There are two main types of chaingangs, those where the men live in cages set on wheels, and those where they live in tents set on the ground. The chain-gang is a peculiar institution. It is made up of chained men; that is, men upon whose ankles chains ranging in length from twelve to twenty-four inches are riveted. As soon as a man comes to a chain-camp he is shackled. That shackle generally stays as long as the man is there, and that may be for a lifetime. Each camp has a few trusties; not very many. Out of forty or fifty men there may be six, sometimes ten. Ten would be unusual. The chain riveted to both ankles tends to drag on the ground, and interferes with the working energy of the prisoner. There is therefore another and longer chain, a kind of cross chain linked at the middle of the one that is riveted to the ankles. That chain serves two purposes. It is used to lift the chain off the ground, when the man is working, by sticking the loose end through the belt and raising the riveted chain. Its other use is to chain the men together at night. A dozen men and more will be chained to one another when they are asleep in their beds. There will be a long chain running

m one end of the cage to the other.

To this chain all the men will be locked by slipping one end of the long chain through the loose end of the cross chain which each prisoner has in addition to the one riveted about his ankles. This limits the movement of the men to the length of their cross chain. Thus they sleep; thus they lie in their beds on Sundays. Frequently they are compelled to lie in that way when it rains, and that may be for two weeks together.

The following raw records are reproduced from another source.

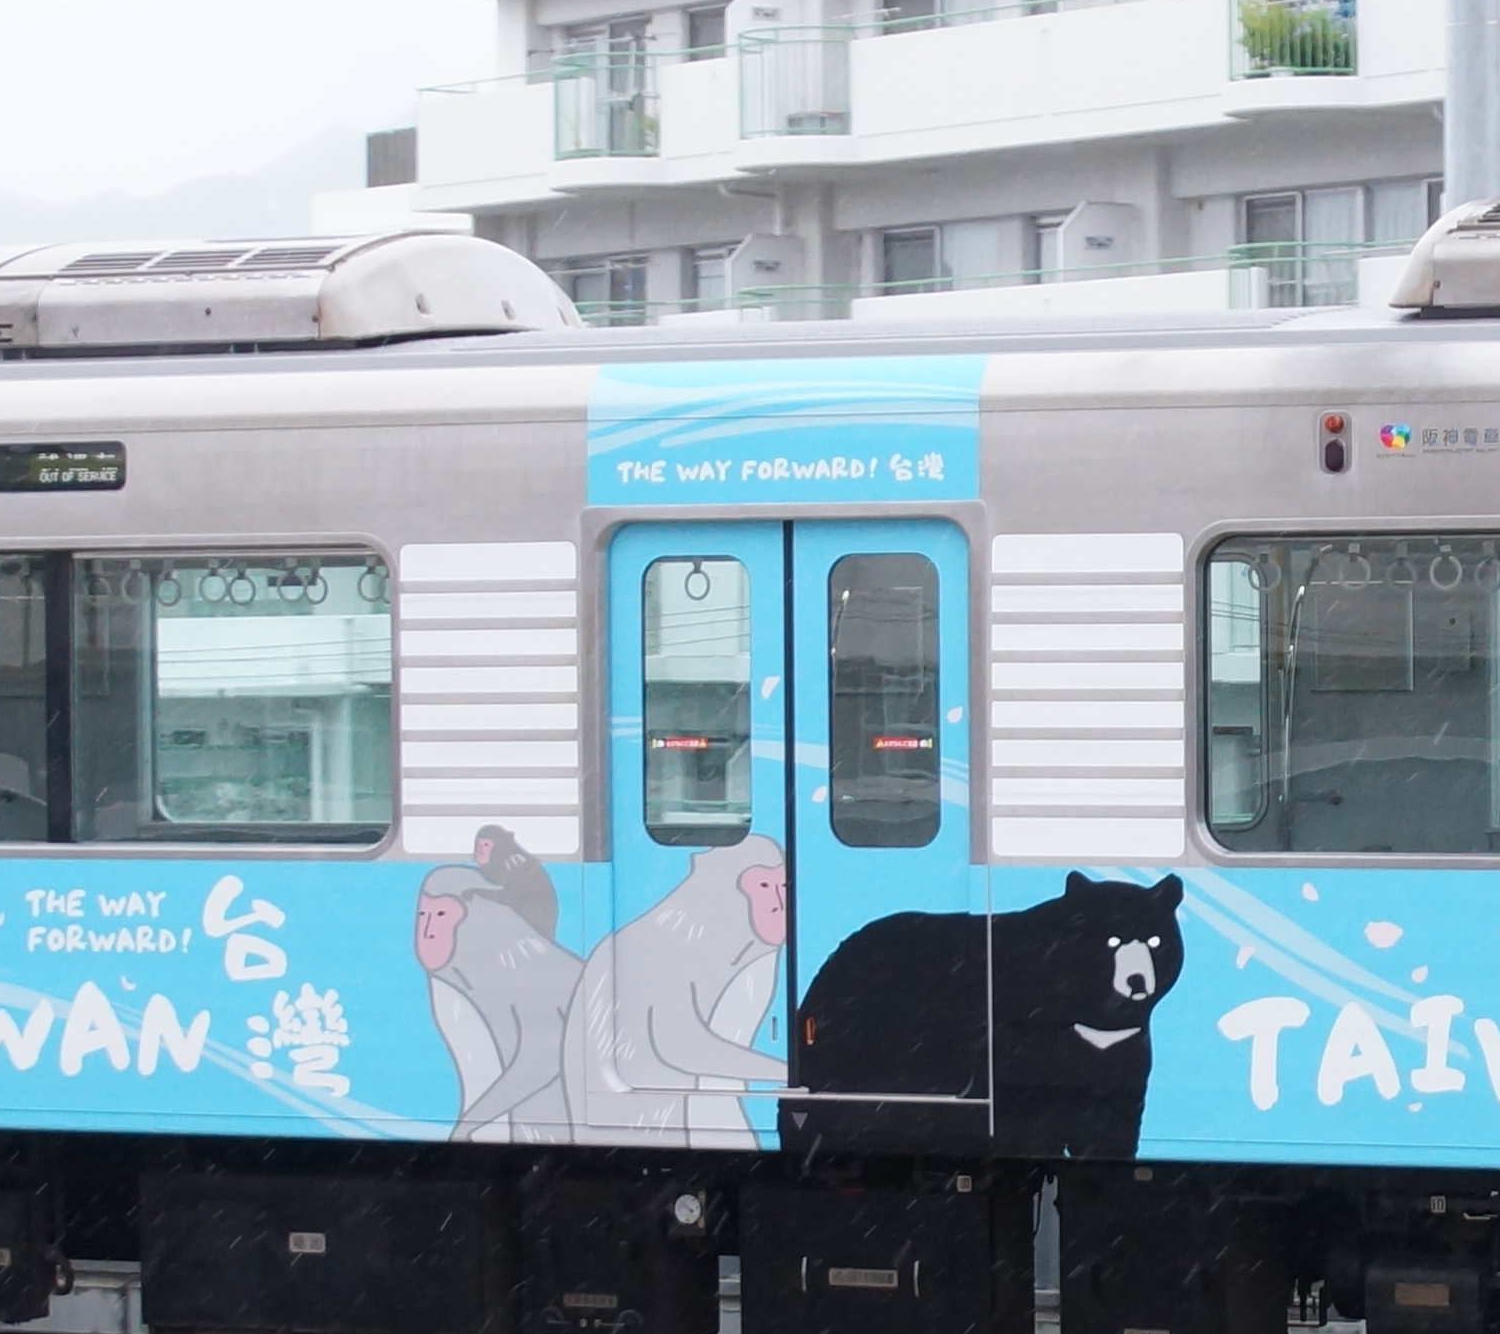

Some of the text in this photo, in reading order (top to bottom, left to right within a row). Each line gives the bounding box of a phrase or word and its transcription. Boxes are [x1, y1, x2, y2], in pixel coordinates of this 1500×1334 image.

[1422, 427, 1499, 447] 阪神電車
[39, 471, 59, 483] OUT
[616, 452, 945, 484] THE WAY FORWARD! 台灣
[25, 889, 166, 918] THE WAY
[28, 926, 194, 954] FORWARD!
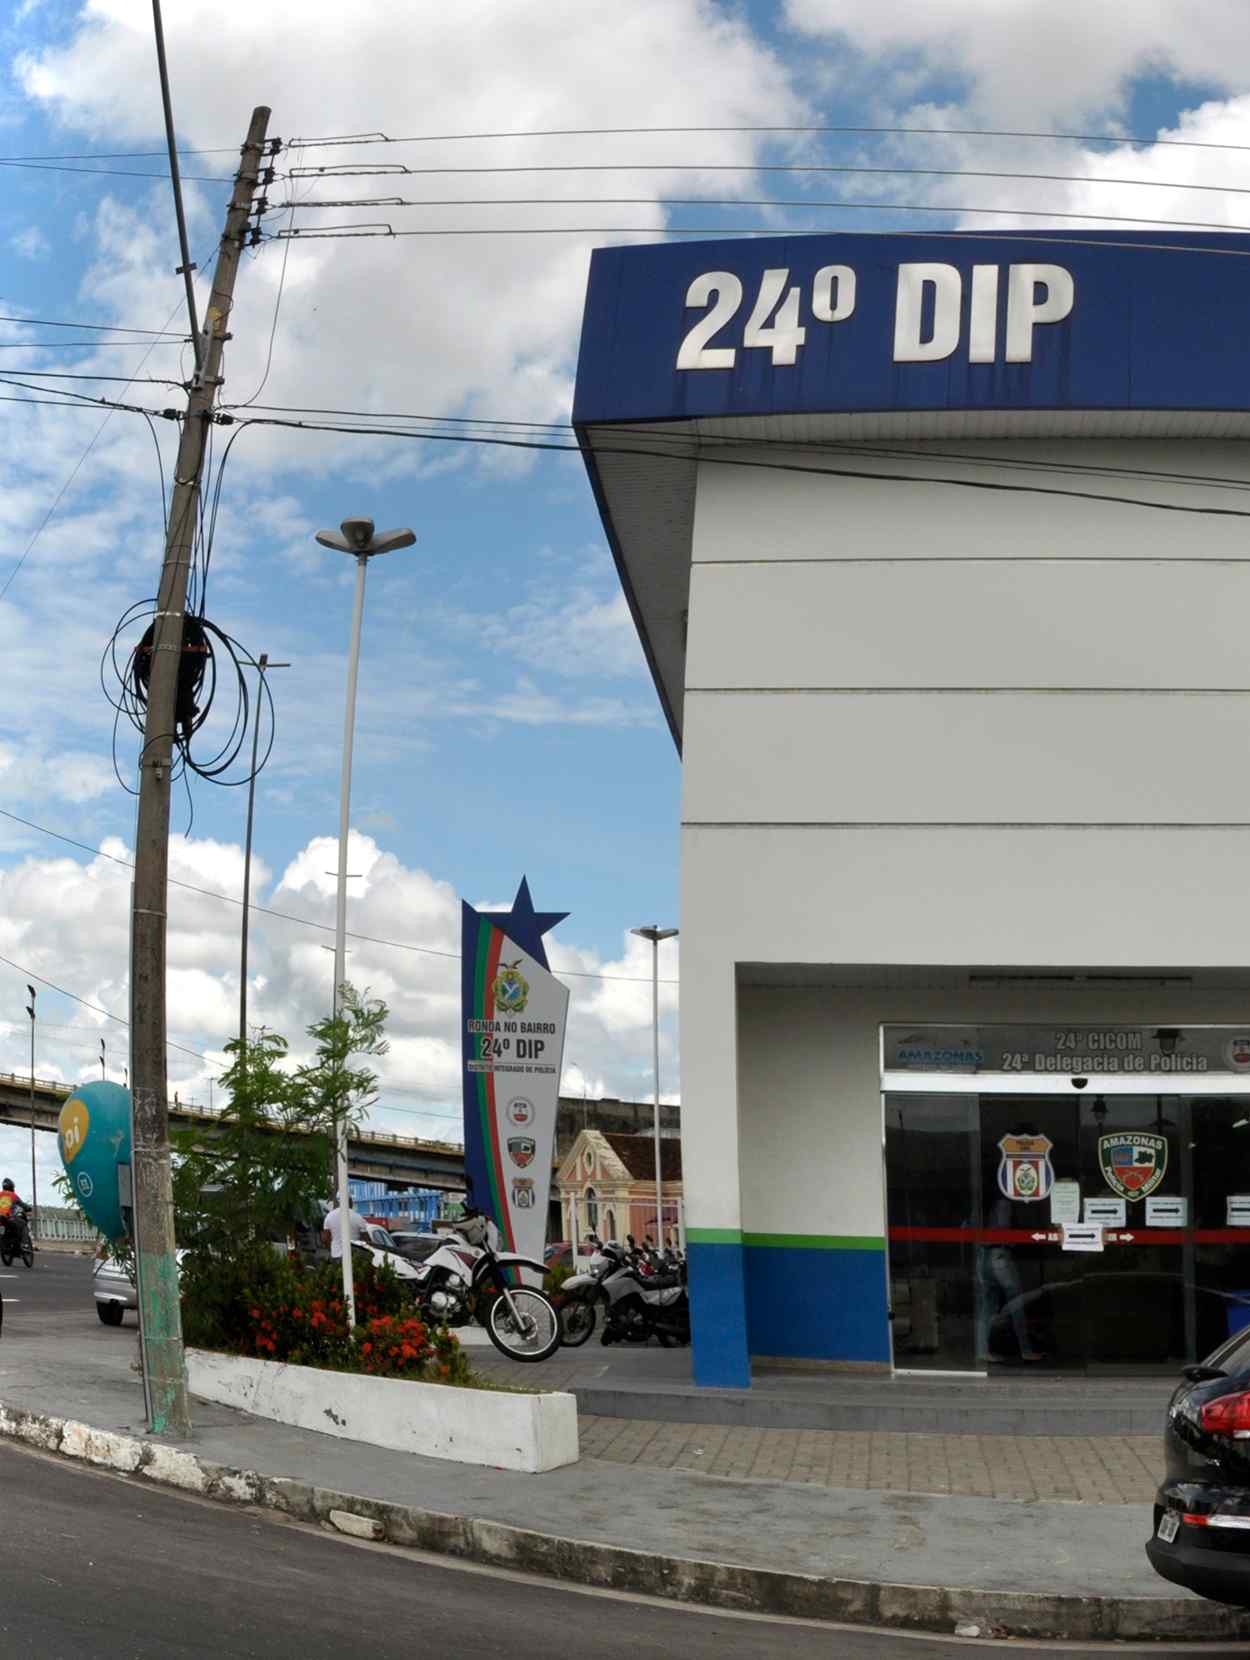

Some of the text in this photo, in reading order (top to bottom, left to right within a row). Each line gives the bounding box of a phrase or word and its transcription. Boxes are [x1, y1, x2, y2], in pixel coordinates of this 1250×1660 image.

[676, 263, 1074, 370] 24º DIP
[467, 1020, 556, 1034] RONDA NO BAIRRO
[516, 1039, 546, 1059] DIP
[1088, 1032, 1141, 1049] CICOM
[1035, 1053, 1119, 1073] Delegacia
[1124, 1054, 1144, 1070] de
[65, 1117, 80, 1149] oi
[1103, 1136, 1163, 1150] AMAZONAS
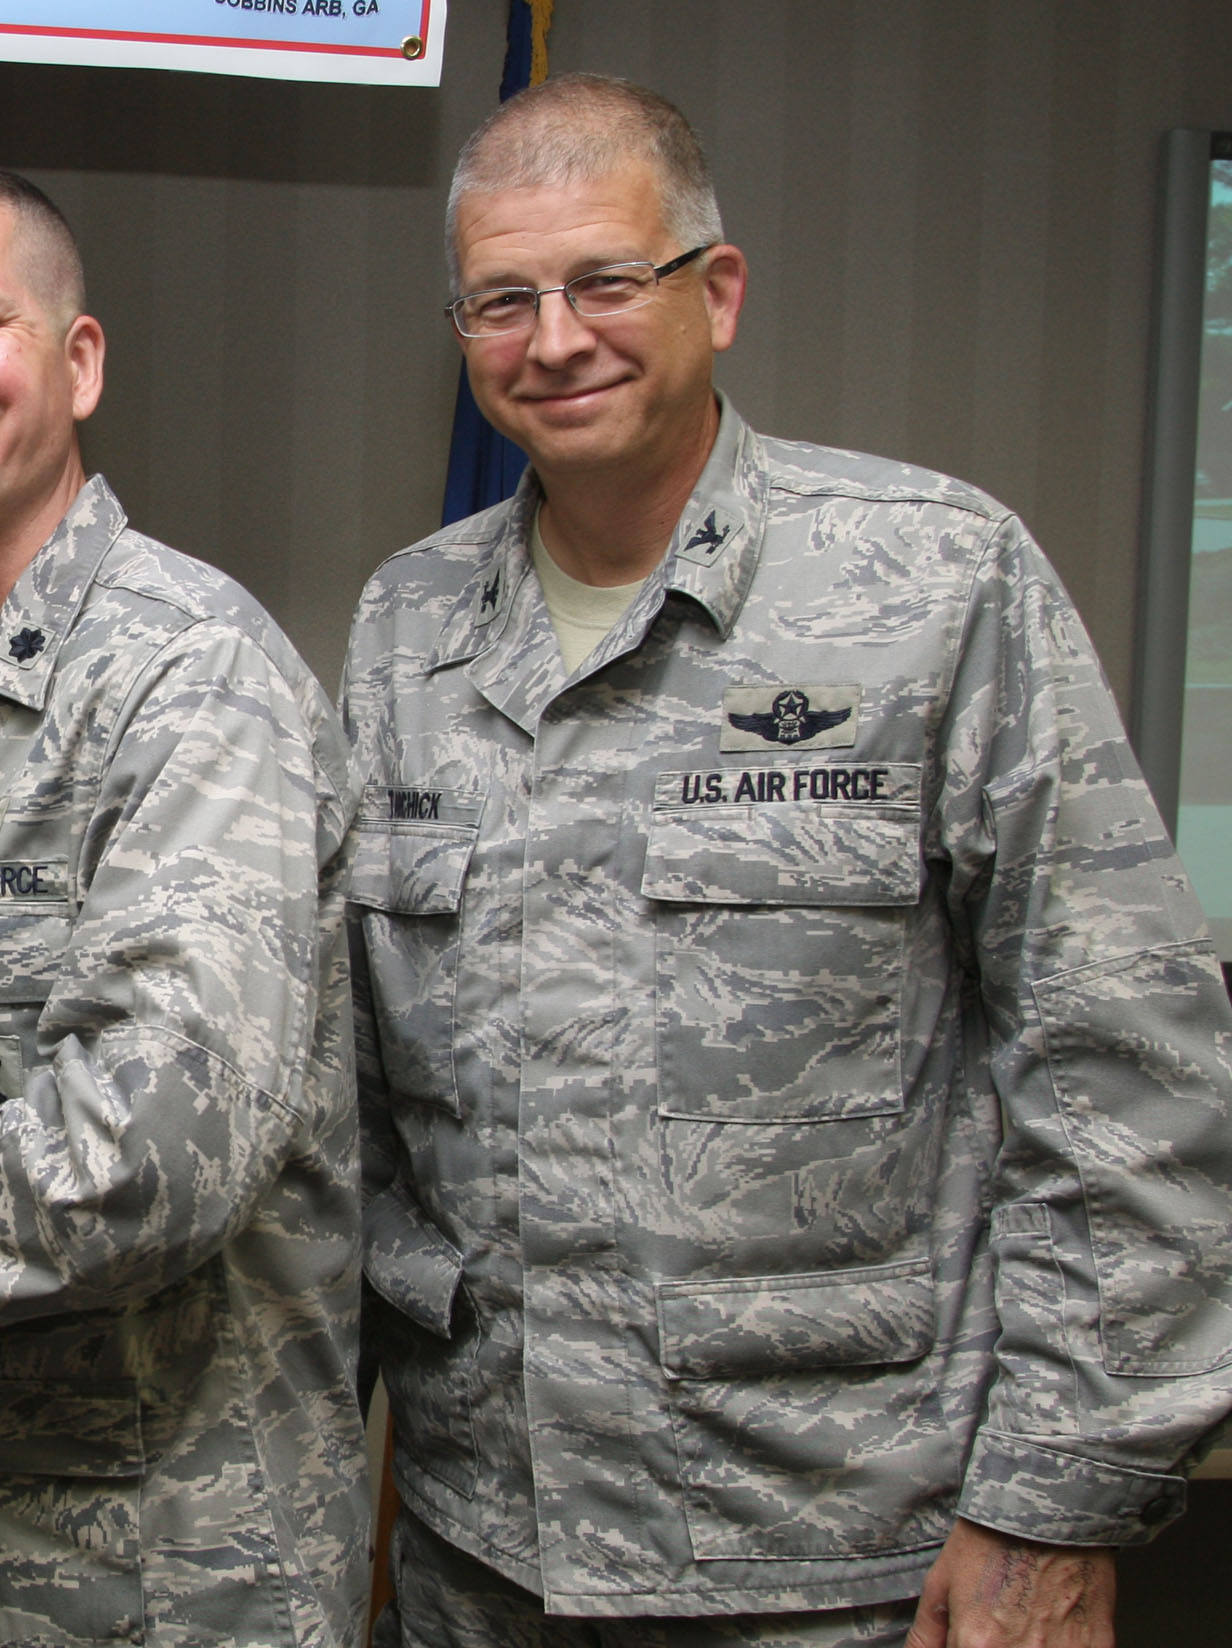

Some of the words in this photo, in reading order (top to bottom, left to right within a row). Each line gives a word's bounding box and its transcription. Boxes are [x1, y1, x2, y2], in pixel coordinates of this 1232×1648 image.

[215, 0, 297, 14] OBBINS
[302, 0, 347, 19] ARB,
[352, 0, 379, 16] GA
[682, 772, 727, 804] U.S.
[734, 771, 787, 803] AIR
[793, 768, 889, 801] FORCE

The typical cages are small, and stand on wheels. They range from 7x7x16 to 9x9x20. The typical cage has eighteen beds. There are nine beds on each side of the cage, three tiers of beds, three in a row. That makes the space between the beds very narrow. If the men were free to move about, they would have little room; but they are shackled. Even in the daytime they are often locked to one another. They lie on their beds, their faces almost touching the bed above them. The cage frequently has a tin roofing. On hot Sundays, Saturday afternoons, afternoons, and holidays the sun streams down on the cages and makes an oven of the place, and the human beings in it roast.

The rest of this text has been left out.